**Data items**

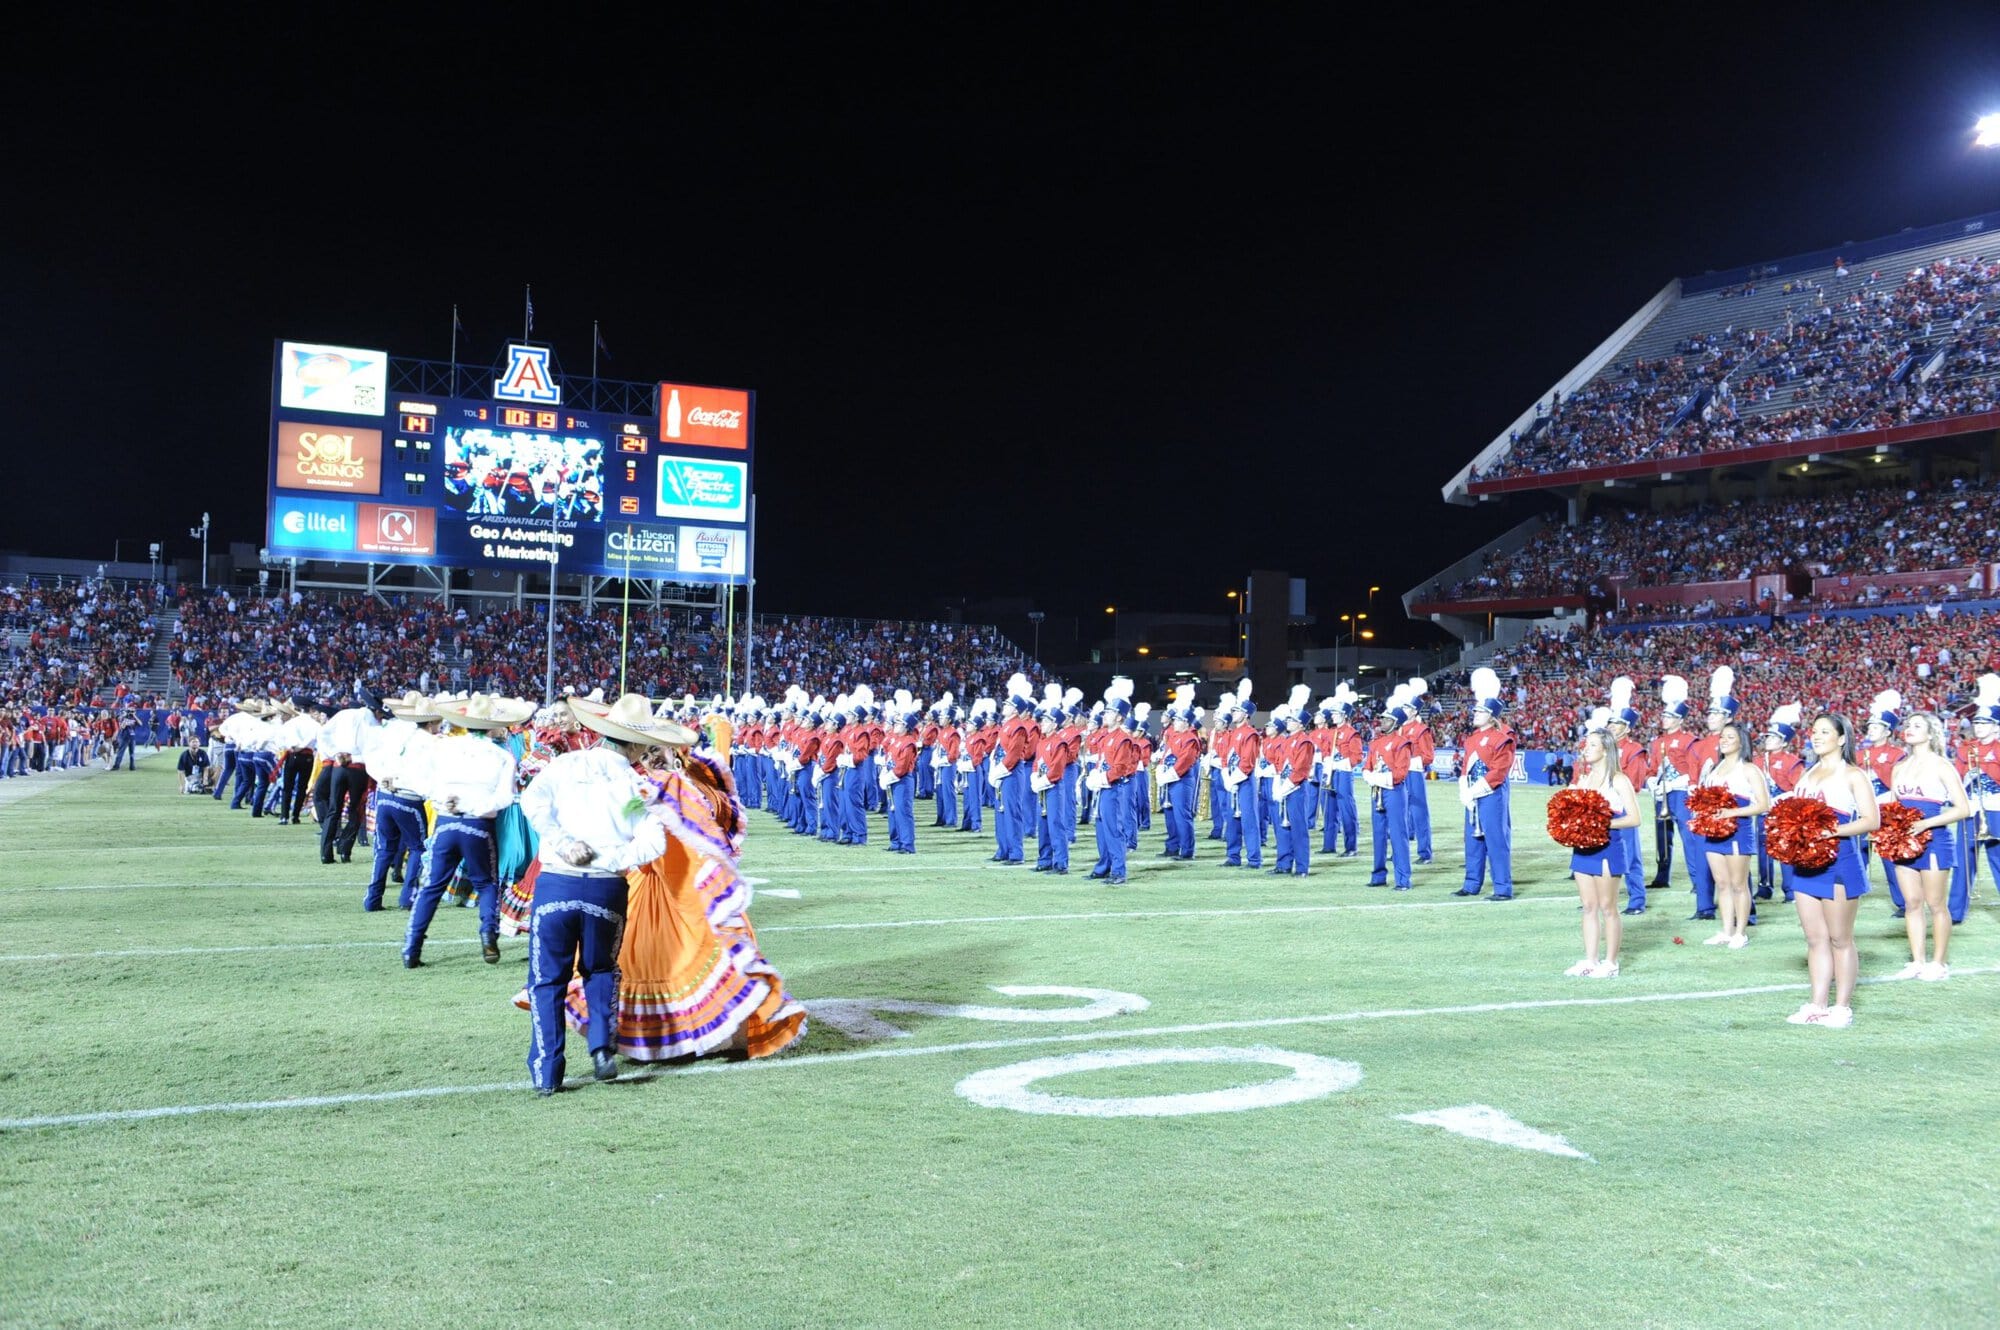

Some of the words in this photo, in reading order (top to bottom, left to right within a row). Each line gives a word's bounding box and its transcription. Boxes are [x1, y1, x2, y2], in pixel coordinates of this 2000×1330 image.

[494, 345, 561, 404] A
[463, 409, 478, 418] TOL
[479, 408, 487, 420] 3
[505, 408, 556, 430] 10:19
[566, 417, 574, 429] 3
[575, 420, 589, 429] TOL
[407, 415, 427, 432] 14
[297, 431, 364, 466] SOL
[622, 436, 646, 452] 24
[296, 461, 365, 479] CASINOS
[626, 468, 636, 481] 3
[501, 527, 574, 547] Advertising
[608, 531, 676, 553] Citizen
[641, 529, 675, 541] Tucson
[483, 544, 495, 557] &
[496, 545, 559, 564] Marketing
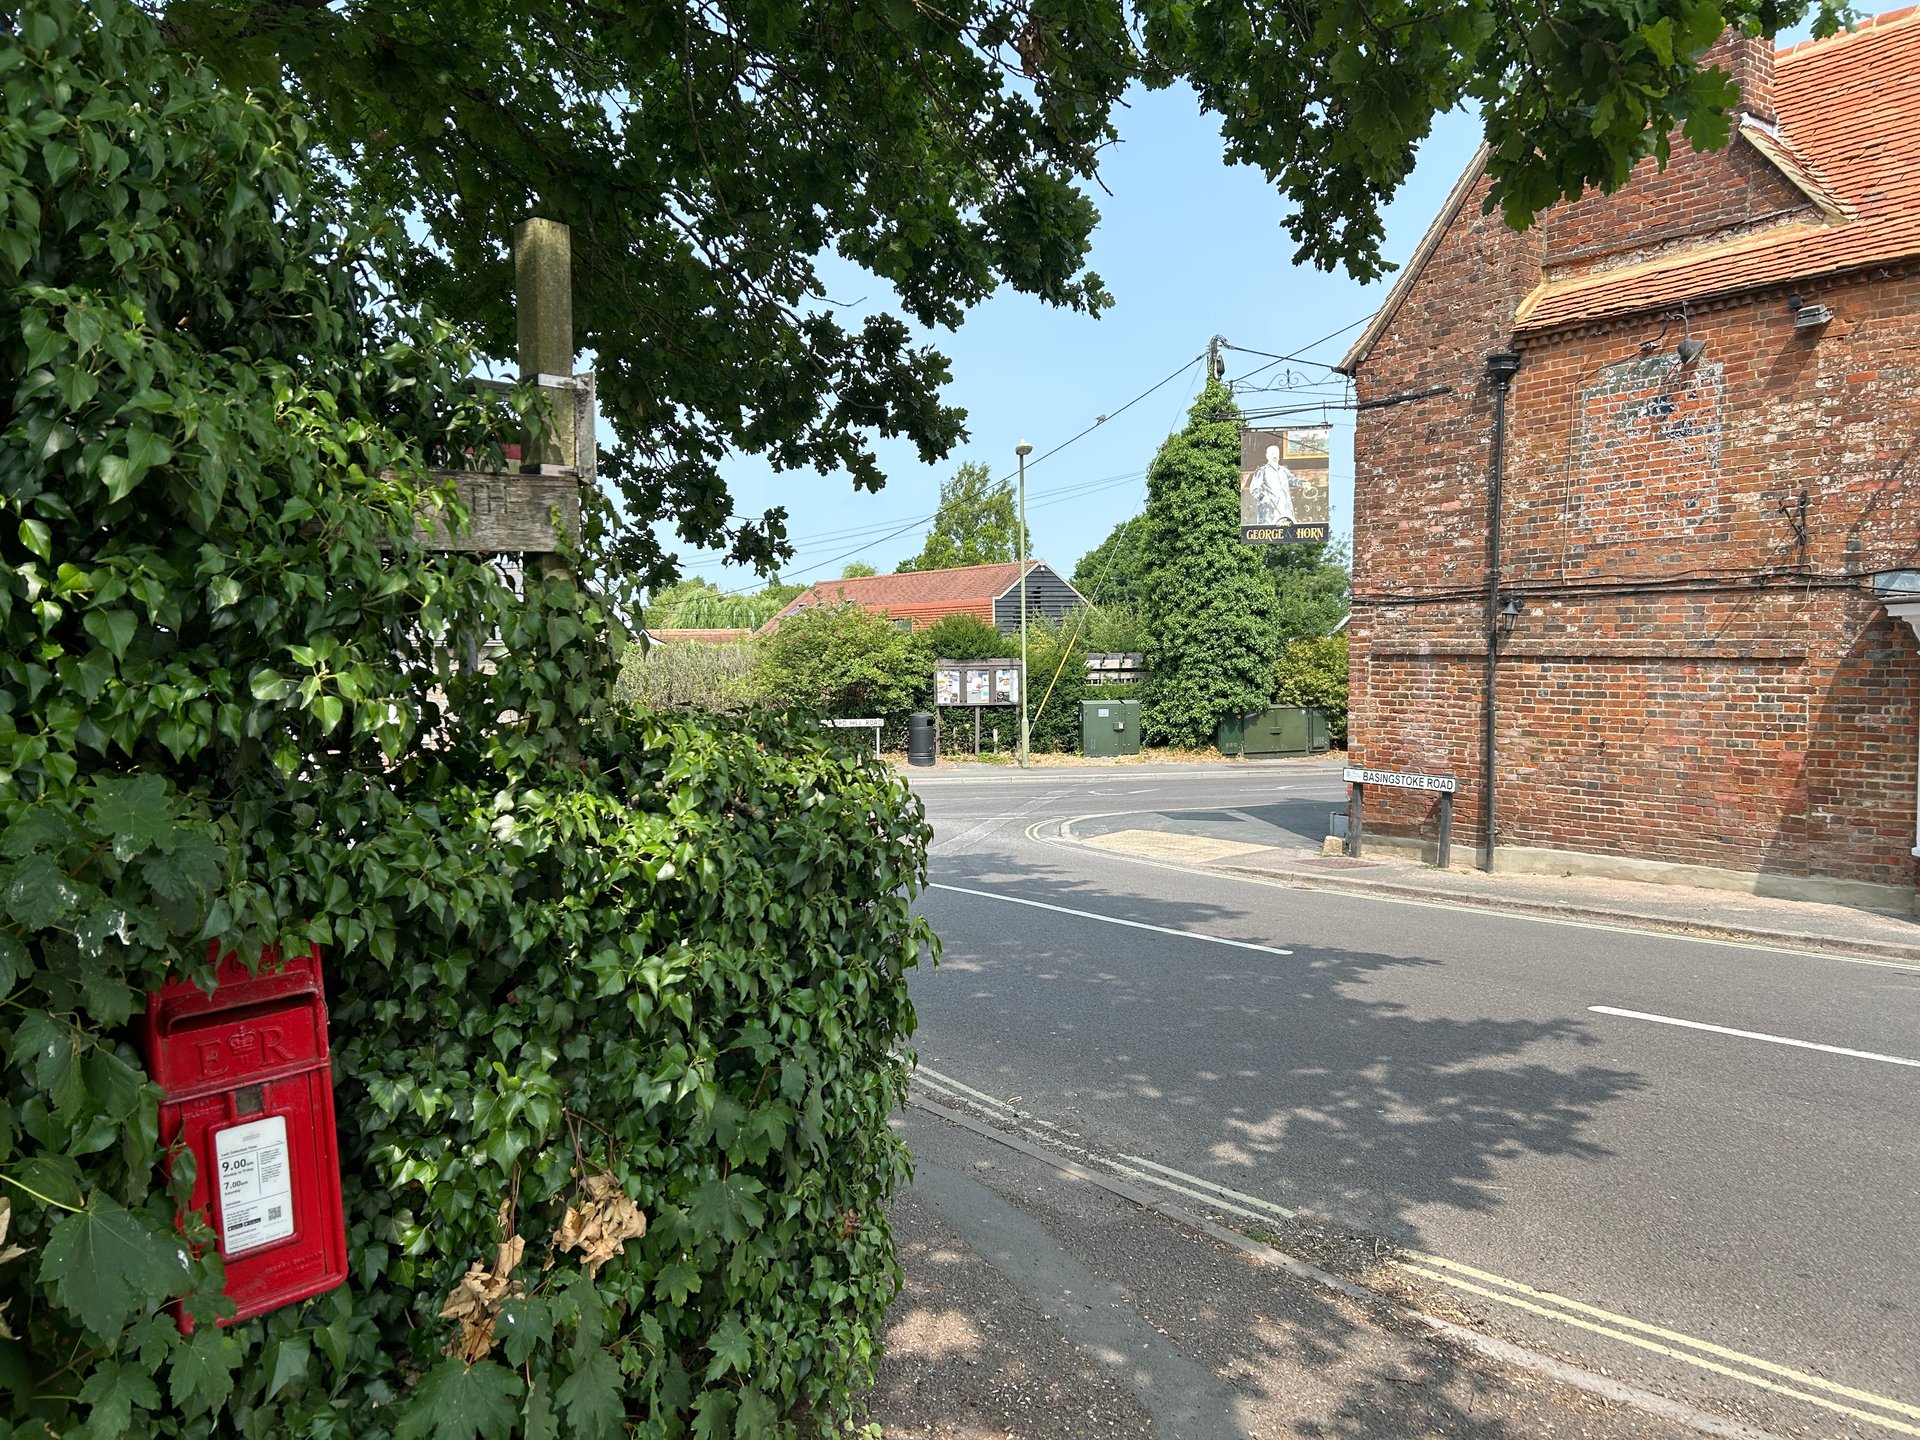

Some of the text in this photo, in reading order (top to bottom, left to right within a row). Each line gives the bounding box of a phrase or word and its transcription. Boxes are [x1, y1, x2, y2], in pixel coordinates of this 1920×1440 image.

[1246, 529, 1284, 542] GEORGE
[1296, 527, 1324, 541] HORN
[1362, 771, 1425, 787] BASINGSTOKE
[1426, 778, 1454, 790] ROAD
[194, 1038, 229, 1081] E
[258, 1025, 296, 1066] R

**TASK REQUIREMENTS**
All of the records need to be reproduced exactly, with each picture omitted.

**EXPECTED ANSWER**
Some of the words in this photo, in reading order (top to bottom, left to right within a row). Each line gives a word's bounding box and its transcription. Boxes are [x1, y1, x2, y2], in pixel coordinates of this 2000×1330 image.

[494, 345, 561, 404] A
[463, 409, 478, 418] TOL
[479, 408, 487, 420] 3
[505, 408, 556, 430] 10:19
[566, 417, 574, 429] 3
[575, 420, 589, 429] TOL
[407, 415, 427, 432] 14
[297, 431, 364, 466] SOL
[622, 436, 646, 452] 24
[296, 461, 365, 479] CASINOS
[626, 468, 636, 481] 3
[501, 527, 574, 547] Advertising
[608, 531, 676, 553] Citizen
[641, 529, 675, 541] Tucson
[483, 544, 495, 557] &
[496, 545, 559, 564] Marketing

Some of the text in this photo, in reading order (top to bottom, left to right within a row). Each line gives the bounding box of a phrase or word and its transcription. Boxes are [x1, y1, x2, y2], in pixel coordinates of this 1920×1440 image.

[1246, 529, 1284, 542] GEORGE
[1296, 527, 1324, 541] HORN
[1362, 771, 1425, 787] BASINGSTOKE
[1426, 778, 1454, 790] ROAD
[194, 1038, 229, 1081] E
[258, 1025, 296, 1066] R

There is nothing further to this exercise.